- with permission from The Eliot Sisters Collection
- Born: September 1755 Kew Green, Surrey, England
- Died: 23 August 1818 (aged 62) 22 Portman Street, London, England
- Buried: St Marylebone, London
- Allegiance: Great Britain United Kingdom
- Service years: 1773–1806
- Rank: Colonel
- Commands: 14th Regiment of Foot Staffordshire Yeomanry Cavalry 3rd Staffordshire Militia 2nd Staffordshire Militia
- Spouse: Anne Breynton ​(m. 1778⁠–⁠1818)​
- Other work: Auditor; Man of letters;

= Francis Perceval Eliot =

Military officer, auditor, man of letters

Francis Perceval Eliot (September 1755 – 23 August 1818) was an English soldier, auditor, and man of letters. In 1814 he succeeded his half-brother as Count Eliot, however he did not feel it was proper to assume the title.

==Life==
Eliot was the son of General Granville Elliott (1713–1759) and his second wife, Elizabeth Duckett (1724–1804). He was born at Kew Green, Richmond-upon-Thames, Surrey, and baptised on 9 October 1755 at St Anne's Church, Kew Green.

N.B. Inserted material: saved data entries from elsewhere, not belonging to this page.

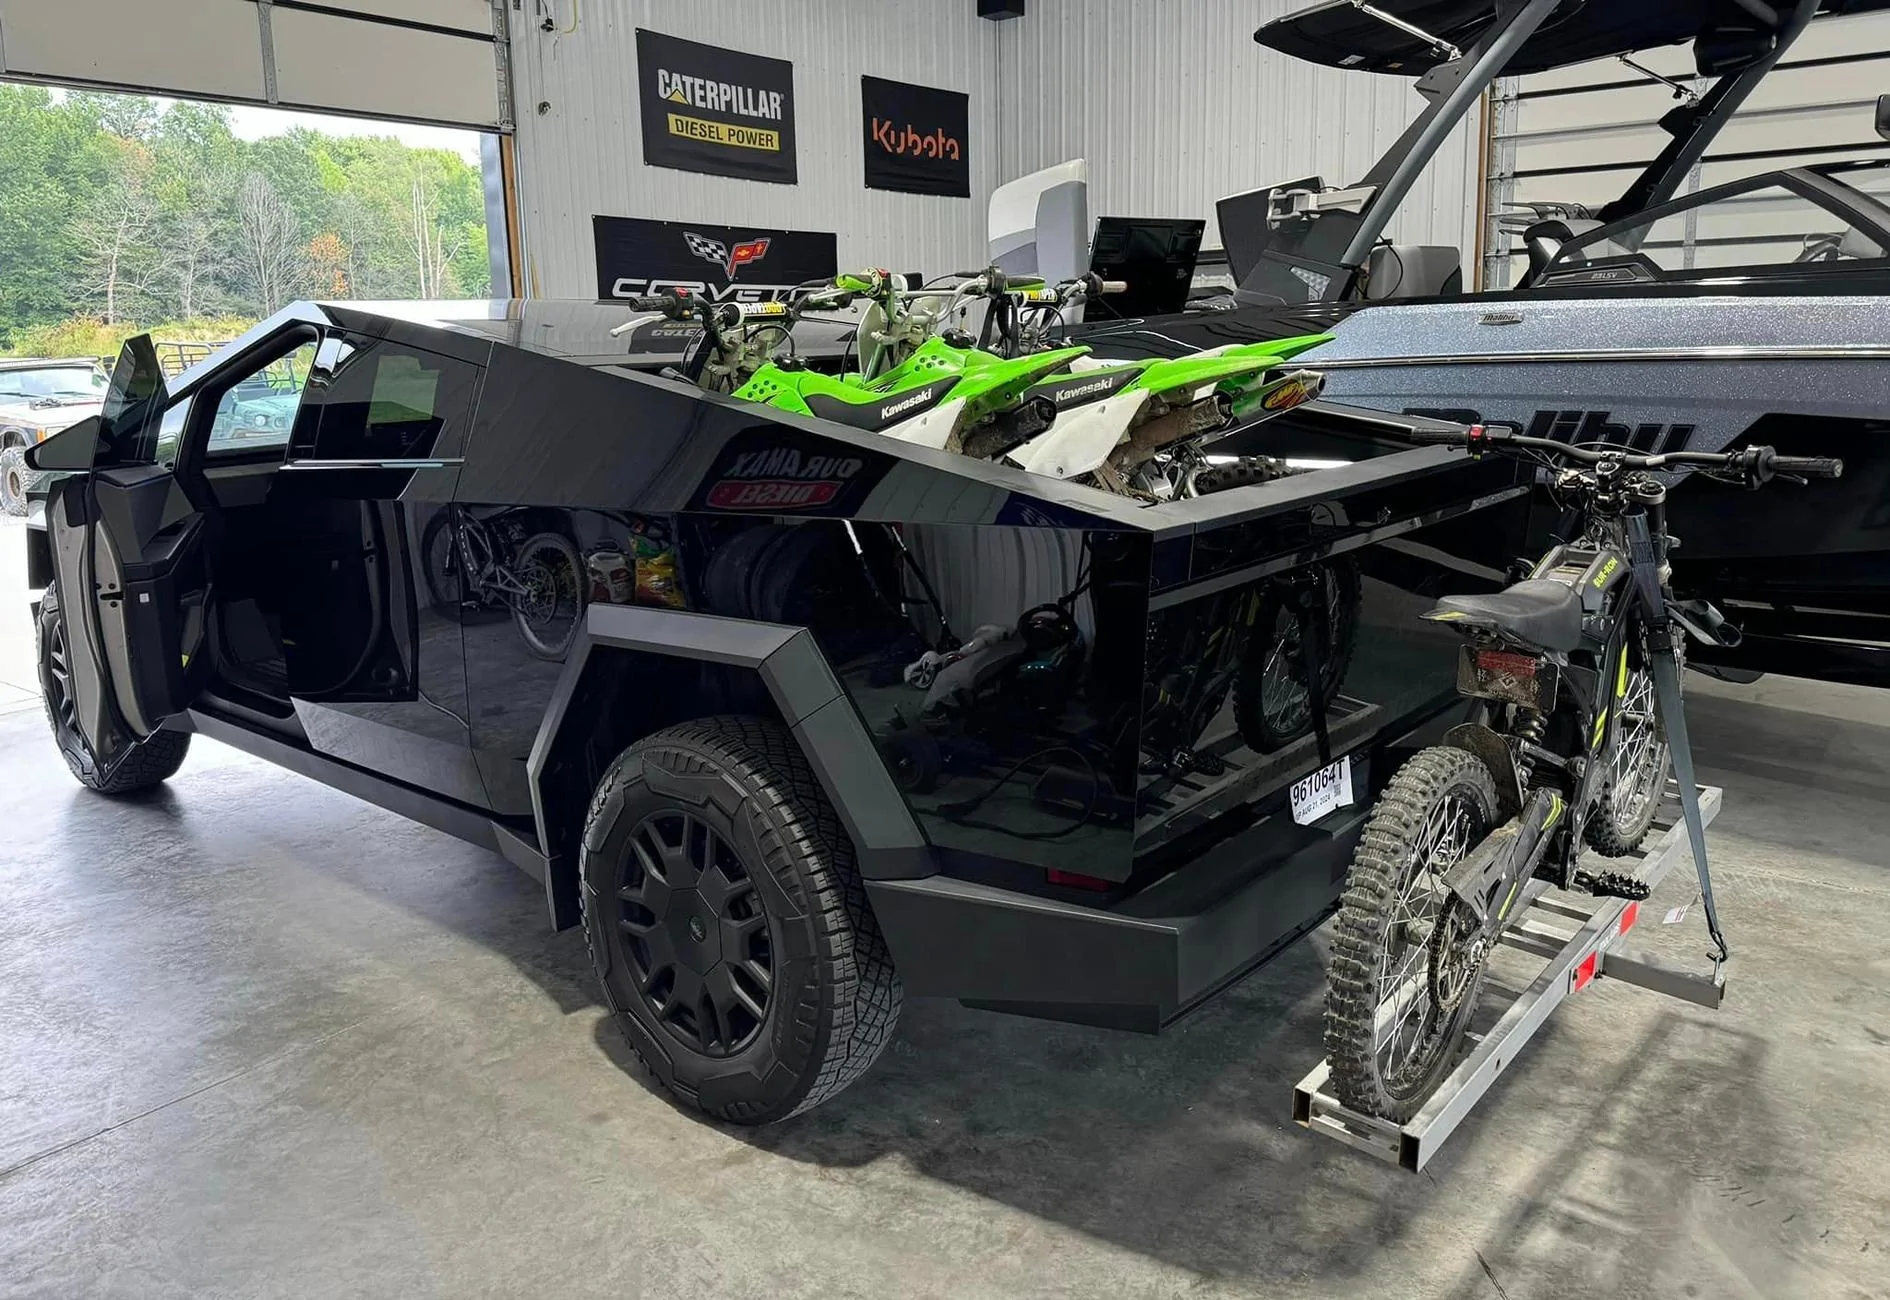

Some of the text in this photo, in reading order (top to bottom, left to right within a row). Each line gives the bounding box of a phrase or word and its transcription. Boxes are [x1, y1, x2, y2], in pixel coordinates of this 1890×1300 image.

[658, 68, 782, 120] CATERPILLAR
[675, 118, 774, 148] DIESEL POWER
[872, 117, 959, 160] Kubota
[881, 388, 932, 420] Kawasaki
[1055, 377, 1113, 402] Kawasaki
[1293, 758, 1345, 807] 961064T
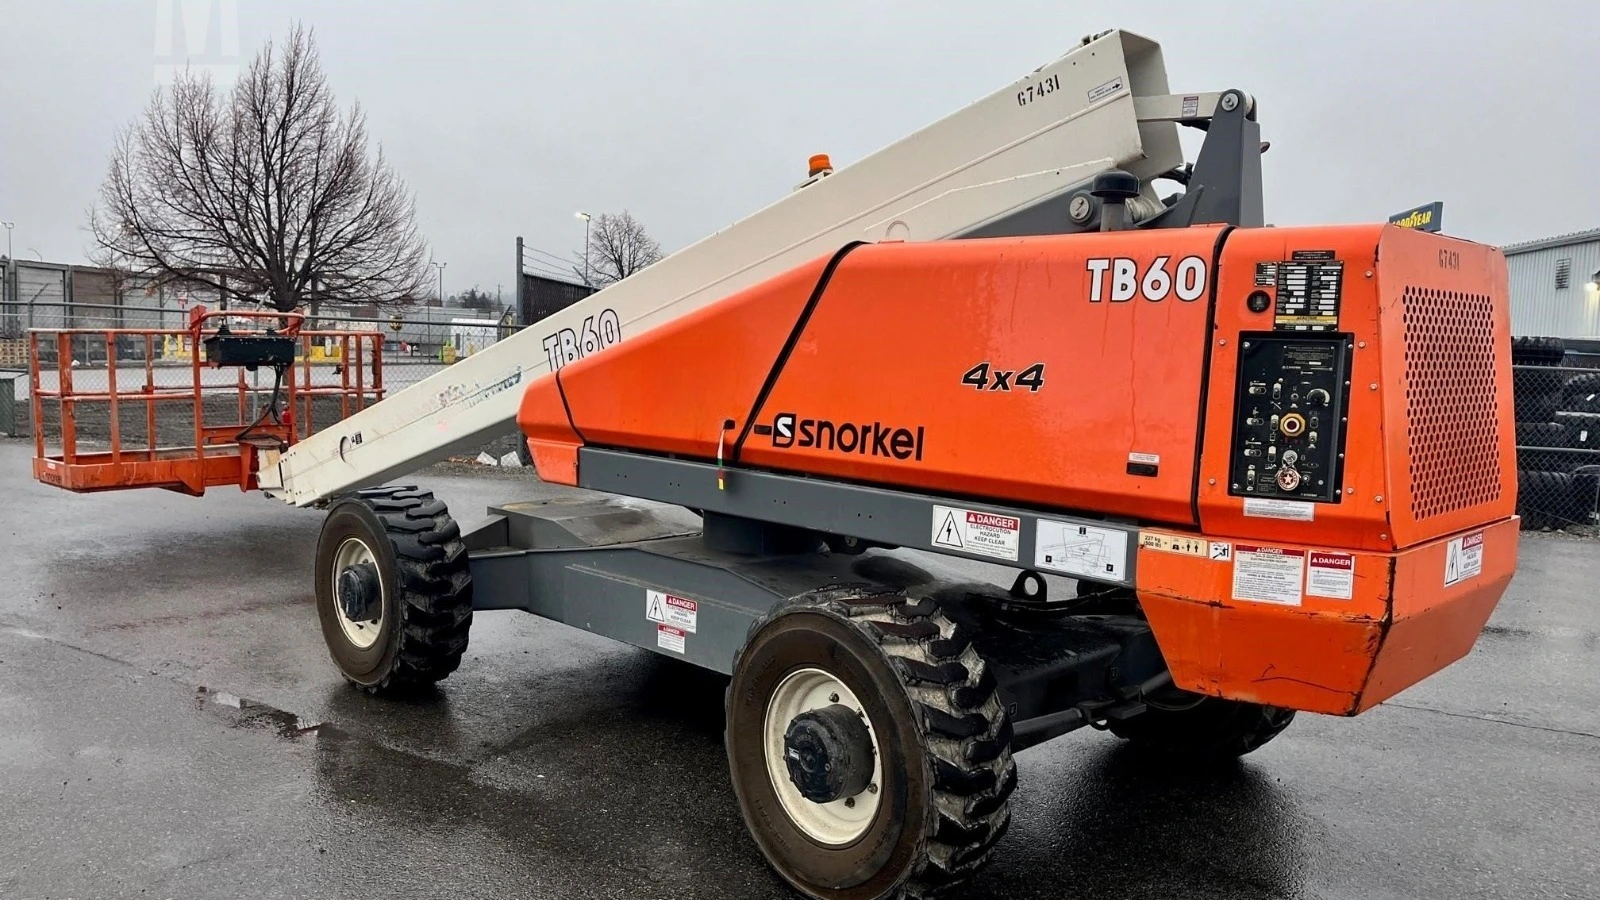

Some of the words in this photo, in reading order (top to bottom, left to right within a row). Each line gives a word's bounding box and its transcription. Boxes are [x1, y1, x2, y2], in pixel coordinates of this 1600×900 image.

Following his father's death on 10 October 1759, the family moved on 15 April 1760 to Richmond. In 1762, Francis lodged at Hargreaves in St Martin's Lane, London. On 17 April 1764, he lodged with Mrs Bathurst, Charterhouse Square and attended the public school of St Bartholomew. In 1770, he went to Mrs Betesworth's Academy in Kingston, near Portsmouth, Hampshire, leaving in 1772 to join Mr Lockee's Military Academy, Little Chelsea, London, and later to Colonel Gallatin's School of Equitation for 7 months.

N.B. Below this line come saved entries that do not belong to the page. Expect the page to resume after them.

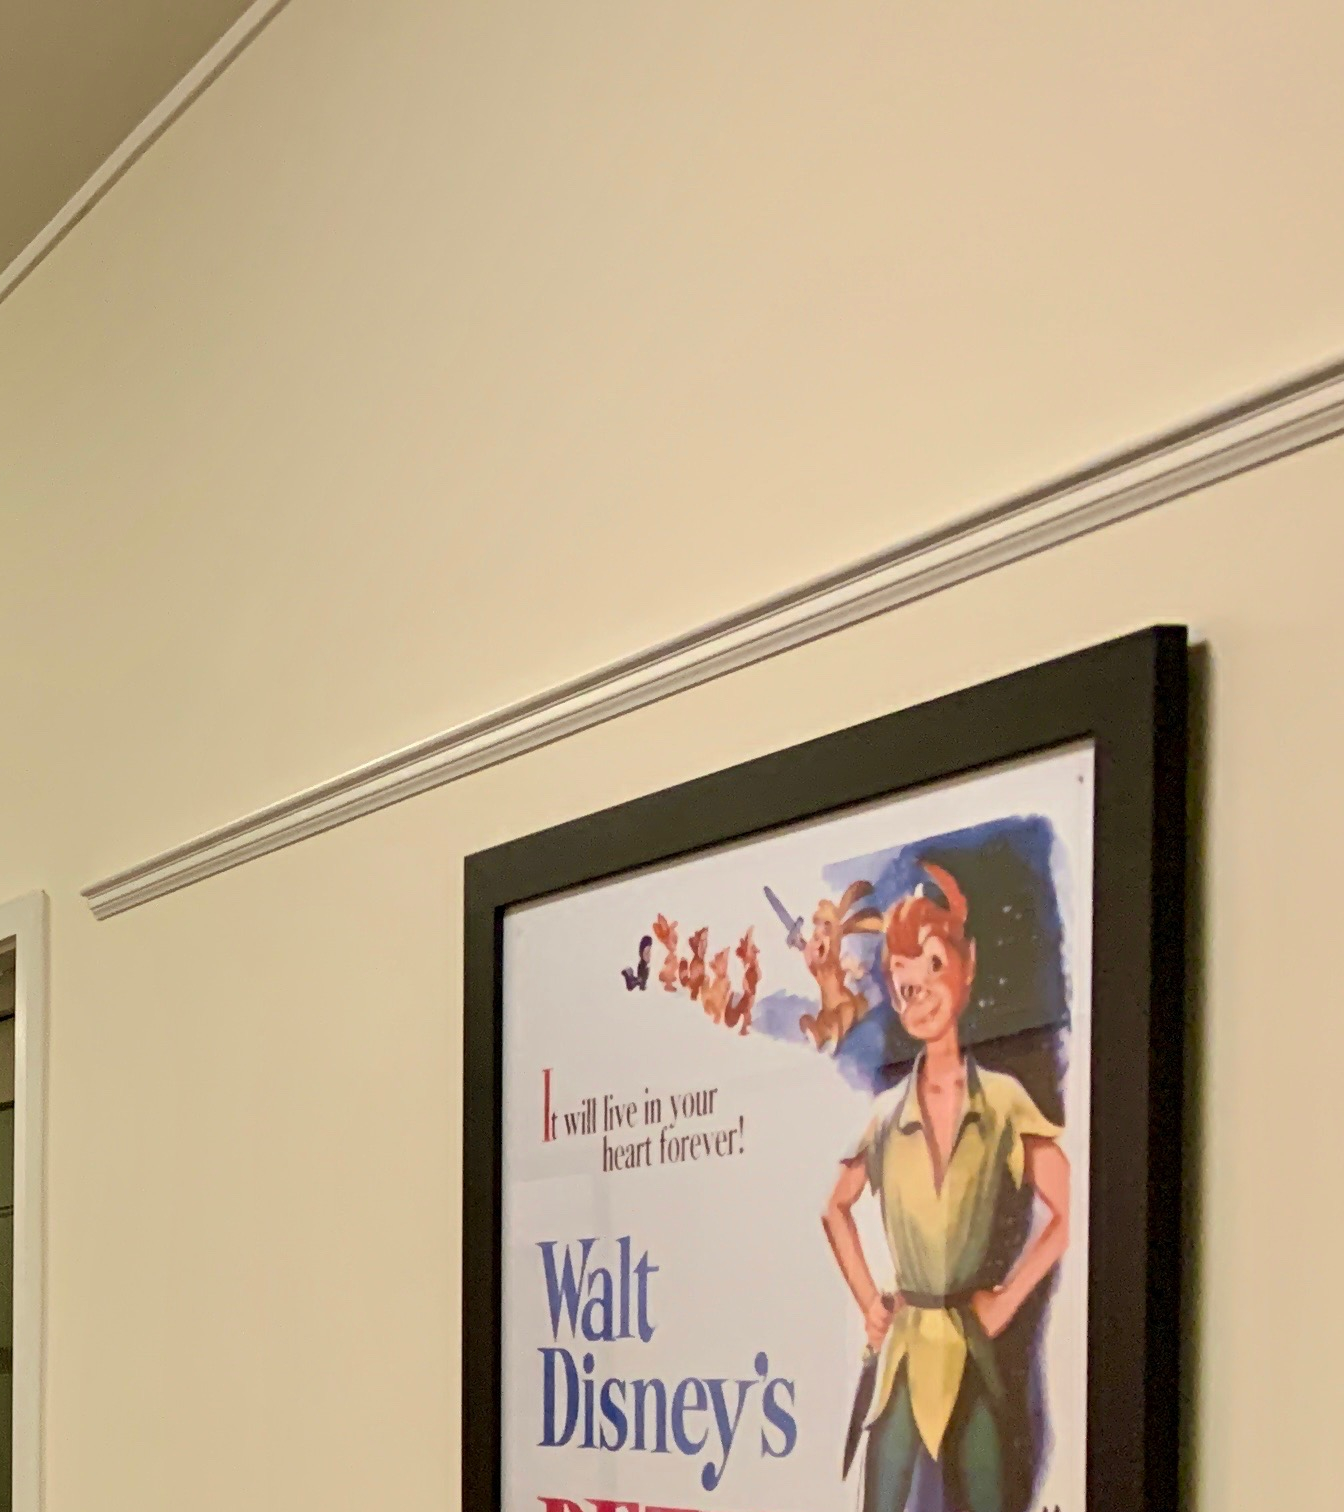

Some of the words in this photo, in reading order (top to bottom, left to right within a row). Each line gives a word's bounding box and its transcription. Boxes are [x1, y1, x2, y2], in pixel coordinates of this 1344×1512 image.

[542, 1068, 558, 1143] It
[564, 1098, 597, 1136] will
[603, 1094, 639, 1132] live
[644, 1088, 662, 1124] in
[669, 1087, 718, 1129] your
[602, 1135, 652, 1172] heart
[659, 1115, 746, 1165] forever!
[535, 1235, 660, 1344] Walt
[536, 1347, 798, 1492] Disney's

On 15 December 1773 he was commissioned as an ensign in the 14th Regiment of Foot. On 28 March 1774 he joined his regiment, moving to quarters in Dover on 13 May 1774. In March 1775 he left for America, where, on 25 August 1775, he was promoted to lieutenant in the 14th Foot. By 28 November 1778, he had returned to St George's, Hanover Square, London, where he married Anne Breynton (c. 1756 – 15 August 1829), the daughter of the famous minister in Nova Scotia, Rev Dr John Breynton (c. 1719–1799). In 1790, he bought Elmhurst Hall and various other properties in Staffordshire, while still maintaining a house in London. In 1794 he raised the Staffordshire Yeomanry Cavalry and was appointed its major and commander of the Lichfield Troop on 20 September. He left the regiment when he was appointed Lieutenant-Colonel Commandant of the new 3rd Staffordshire Militia on 25 April 1798. He was promoted to colonel on 15 January 1799, but the regiment was disbanded later that year. On 28 June 1803 he was appointed colonel of a new 2nd Staffordshire Militia, but this was also disbanded in 1805.

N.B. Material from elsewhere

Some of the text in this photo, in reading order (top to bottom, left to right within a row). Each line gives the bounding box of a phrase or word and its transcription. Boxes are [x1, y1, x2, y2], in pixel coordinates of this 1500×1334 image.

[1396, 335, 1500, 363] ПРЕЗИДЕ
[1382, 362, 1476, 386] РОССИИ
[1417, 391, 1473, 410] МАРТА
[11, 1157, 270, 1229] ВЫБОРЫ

In 1797, he tried to sell off his Staffordshire estates and by 1800 he had moved to Lichfield. In 1806, he finally disposed of his Staffordshire properties, pulling down the derelict Elmhurst Hall. He moved back to London full-time, and took an oath as a Commissioner of Public Accounts, based at Somerset House in the Strand. Around this time he became a man of letters, addressing the foremost politicians of the time, while also writing for a magazine – The Aegis. The next year, he attempted to be elected as MP for Westminster in the 1807 United Kingdom general election. On Friday 8 May 1807, he attended a meeting at Covent Garden, London where he was introduced to the meeting, by Col. Robinson who at that time commanded London Recruiting District, and the Pimlico battalion of the Queen's Loyal Volunteers from about 1803. His election was unsuccessful and he returned to his literary pursuits.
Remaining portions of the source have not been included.